■ Requirement
Copy the records below word for word, leaving out nothing.

Text-to-region grounding data
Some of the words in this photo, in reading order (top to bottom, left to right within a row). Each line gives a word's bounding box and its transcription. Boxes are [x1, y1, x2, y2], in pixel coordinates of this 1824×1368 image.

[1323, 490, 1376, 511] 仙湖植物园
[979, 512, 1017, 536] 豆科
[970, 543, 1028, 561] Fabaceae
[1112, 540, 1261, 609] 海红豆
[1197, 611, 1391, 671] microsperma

■ Output below
Some of the words in this photo, in reading order (top to bottom, left to right within a row). Each line gives a word's bounding box and its transcription. Boxes are [x1, y1, x2, y2], in pixel coordinates of this 1824×1368 image.

[1323, 490, 1376, 511] 仙湖植物园
[979, 512, 1017, 536] 豆科
[970, 543, 1028, 561] Fabaceae
[1112, 540, 1261, 609] 海红豆
[1197, 611, 1391, 671] microsperma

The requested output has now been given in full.